Is it just me or does everything seem to be broken?
Our credit markets are scared of their own shadows. Our political system looks oxymoronic. Our balance sheet is drowning in red ink. We are dismissed, laughed at or reviled in much of the world. The Russian Navy is sailing into our hemisphere. No one trusts anyone else, especially in the media, to tell the truth.
It’s the perfect moment for me to start a presidential campaign blog!
I didn’t think that I needed to write about this contest every day, let alone every available minute of every day. But I do, starting … now.
I already do everything but skywriting: columns in the magazine and on the Web, reporting on MSNBC, publishing a book on American politics. But I can’t resist wanting to write more, because this campaign—this moment—is too damned compelling.
America’s fate and future always are at stake, but rarely so vividly and urgently. Trends always surface, but rarely with such force.There is a sense of momentousness about this election. It already has made history: the oldest candidate (John McCain) against the first African-American (Barack Obama), who defeated the first serious female candidate (Hillary Clinton) at a time when the dollar is losing its value and America is losing its grip.
Baby Boomers—having done their utmost to wreck their own patrimony—are about to give way to new generations of Americans.
Lord knows we could use some leadership. “Here, sir, the people rule,” Alexander Hamilton said--which is true except that, as Hamilton knew, the people can’t do so without brave, shrewd leaders.
Never in our recent history have they been more needed, which is why so many voters and viewers are tuning in to this campaign. They knew, or intuit, that these are crucial times. We must get it right.
So welcome to 40 Days! Forty days from today, on Nov. 4, the polls will open across the country. Between now and then I will try to make sure that whatever I learn and hear I pass on in this space.
Forty days is an appropriately biblical time span: that’s how long God flooded the world, allowing Noah to hit the reset button for us all.
I was in Michigan yesterday, hawking my book about American political history and speaking to a crowd of prominent Detroiters. Two points emerged. One: business conditions suck. Two: even so, it is by no means clear, even to Democrats there, that Obama is a lock in that swing state. The first point was no surprise; the second was.

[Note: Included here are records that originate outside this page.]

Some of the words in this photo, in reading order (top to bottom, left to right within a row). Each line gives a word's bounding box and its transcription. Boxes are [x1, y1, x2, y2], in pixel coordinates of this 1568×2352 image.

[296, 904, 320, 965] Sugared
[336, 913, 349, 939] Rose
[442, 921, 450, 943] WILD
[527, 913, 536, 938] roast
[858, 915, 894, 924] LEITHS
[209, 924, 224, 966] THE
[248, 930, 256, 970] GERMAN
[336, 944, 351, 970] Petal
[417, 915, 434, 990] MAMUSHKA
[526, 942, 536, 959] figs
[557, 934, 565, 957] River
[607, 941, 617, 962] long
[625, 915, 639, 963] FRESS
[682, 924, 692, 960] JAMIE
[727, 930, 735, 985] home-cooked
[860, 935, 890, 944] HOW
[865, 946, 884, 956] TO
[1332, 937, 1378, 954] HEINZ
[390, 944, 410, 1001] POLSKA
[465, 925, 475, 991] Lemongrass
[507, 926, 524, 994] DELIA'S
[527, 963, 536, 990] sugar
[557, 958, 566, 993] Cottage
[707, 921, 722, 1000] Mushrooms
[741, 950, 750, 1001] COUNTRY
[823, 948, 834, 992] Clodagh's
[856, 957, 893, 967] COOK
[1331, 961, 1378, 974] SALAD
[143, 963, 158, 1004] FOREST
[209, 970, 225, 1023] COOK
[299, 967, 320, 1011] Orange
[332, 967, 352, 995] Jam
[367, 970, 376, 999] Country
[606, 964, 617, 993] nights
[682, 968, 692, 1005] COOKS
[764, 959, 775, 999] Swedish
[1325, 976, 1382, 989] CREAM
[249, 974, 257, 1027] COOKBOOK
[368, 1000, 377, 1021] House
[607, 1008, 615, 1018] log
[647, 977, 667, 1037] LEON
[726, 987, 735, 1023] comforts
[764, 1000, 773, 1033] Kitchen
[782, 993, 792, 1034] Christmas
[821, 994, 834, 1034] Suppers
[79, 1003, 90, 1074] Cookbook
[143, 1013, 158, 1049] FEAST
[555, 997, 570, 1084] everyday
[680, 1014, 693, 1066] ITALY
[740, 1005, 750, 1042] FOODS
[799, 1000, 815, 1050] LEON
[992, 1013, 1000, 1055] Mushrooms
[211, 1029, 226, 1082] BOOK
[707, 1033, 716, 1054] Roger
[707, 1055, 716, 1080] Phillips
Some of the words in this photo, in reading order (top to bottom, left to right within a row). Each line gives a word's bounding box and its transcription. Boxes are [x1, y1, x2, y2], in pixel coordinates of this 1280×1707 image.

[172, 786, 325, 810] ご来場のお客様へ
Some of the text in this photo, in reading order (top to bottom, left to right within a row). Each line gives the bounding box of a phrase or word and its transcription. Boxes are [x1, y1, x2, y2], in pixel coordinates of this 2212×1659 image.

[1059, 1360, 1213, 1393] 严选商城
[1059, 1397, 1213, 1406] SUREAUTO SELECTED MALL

One of the book-party guests was Edsel Ford, a low-key 59-year-old who grew up in—and, by virtue of his last name symbolized—the heyday of Motown. I made the mistake of asking him how business was. He looked at me like I was, well, not much of a reporter.
In Michigan, business is weak, the industrial climate terrible, credit tight. Others had the same sense. A shopping-center developer with a perfect balance sheet reported that that his bank, which also was flush with cash, had stopped financing new projects. News like that means that a recession is in the offing—or begun.
And yet the prominent Detroiters I talked, including, if not especially, the Democrats, wondered aloud whether Obama would win the state. They had two reasons. One: his campaign was continuing to be standoffish, behaving (in a state where Hillary was strong in the primary season) like they knew how to win and the Clinton people didn’t. “They still haven’t bothered to figure out how to use the organization we have here,” groused one prominent Democrat. "It’s as though we don’t exist.”
The other reason was, in a word, race. The sordid tale of Detroit’s recently resigned mayor, Kwame Kilpatrick, would complicate Obama’s task. And Michigan has a history: George Wallace first emerged as a national—as opposed to Southern—force by winning the Michigan Democratic primary in 1964. “A lot of those voters, and their children, are still around,” one partygoer told me.
I returned to D.C. in time to watch Congress tie itself in knots over the largest business bailout in American history. McCain dropped by, ostensibly to help close the deal. Instead, he watched as conservative backbenchers in his own party tried to scuttle it—and he dared not tell them to stop. Obama had no choice but to come back to D.C. also, but he was able to stand back from the wreckage, at least for a day.
Today I am on my way to Oxford, Miss., for what is supposed to be the first presidential debate of the season. McCain has said that he won’t show up unless “enough” of the bailout deal has been finished.
So much for Day 40. Not a great start. Maybe the waters are rising.